Without links to al Qaeda, no weapons program is sufficient justification for an attack. Pakistan has the bomb; North Korea either has it or will soon get it; Isreal and China both have substantial nuclear arsenals and the means to deliver.
So, Iraq posed no threat to the US.

3)
High economic cost

It was, and continues to be, an expensive operation that pulled resources away from improving/rebuilding Afganistan, and other things we, as a nation, should be more concerned about.

The Taliban supported al Qaeda, and needed to be removed. However, the chaos, lack of order, and destroyed infrastructure in Afganistan that existed before the Taliban came to power and facilitated their rise still exists. It is a major, just, necessary, and long term undertaking to rebuild Afganistan as a nation. If we don't do this, Afganistan will remain a potential breeding ground for heroin production and fundamentalist terrorists. In the intrests of national security, that is where we need to be focusing our efforts. It is thought that bin Laden is still in Afganistan. With more resources in the area, we might have captured him by now, and done great damage to the al Qaeda network.
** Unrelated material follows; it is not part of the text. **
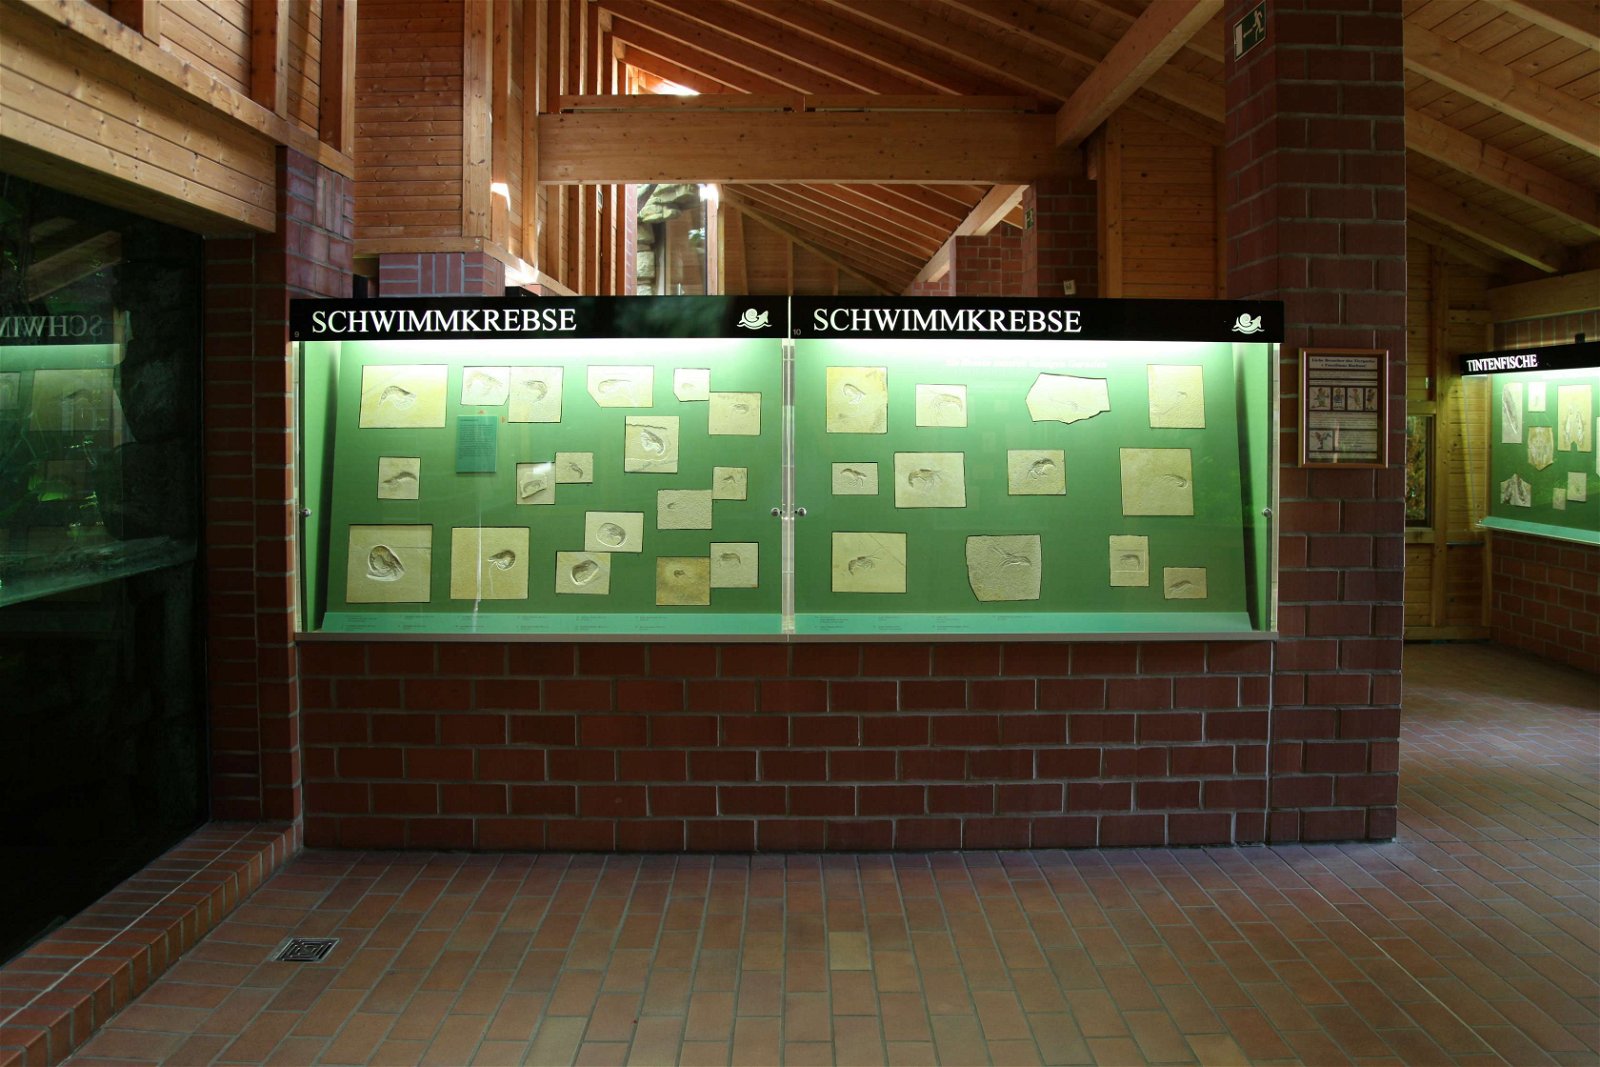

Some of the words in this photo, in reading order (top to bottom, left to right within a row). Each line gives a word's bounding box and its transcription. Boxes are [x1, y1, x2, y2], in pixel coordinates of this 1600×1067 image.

[312, 308, 577, 333] SCHWIMMKREBSE
[813, 308, 1082, 333] SCHWIMMKREBSE
[792, 328, 802, 336] 10
[1466, 354, 1539, 372] TINTENFISCHE
I don't really know how much money has been spent on the war in Iraq, or how much will be spent all told. Here is a recent AP article about the potential cost: http://www.kansascity.com/mld/kansascity/news/local/8153668.htm?1c
In any case, this is hundreds of billions of dollars.
The baby boomers are set to retire in the near future, calling in their social security benefits. Even reduced, this will be a tereble strain on the federal budget. This is not a good time to be incurring debt to finance a war (unless absolutely necessary).

Sorry about the length of the post, and I'm sure alot of it is just rehashing old material. Besides which, it is too late to get out now.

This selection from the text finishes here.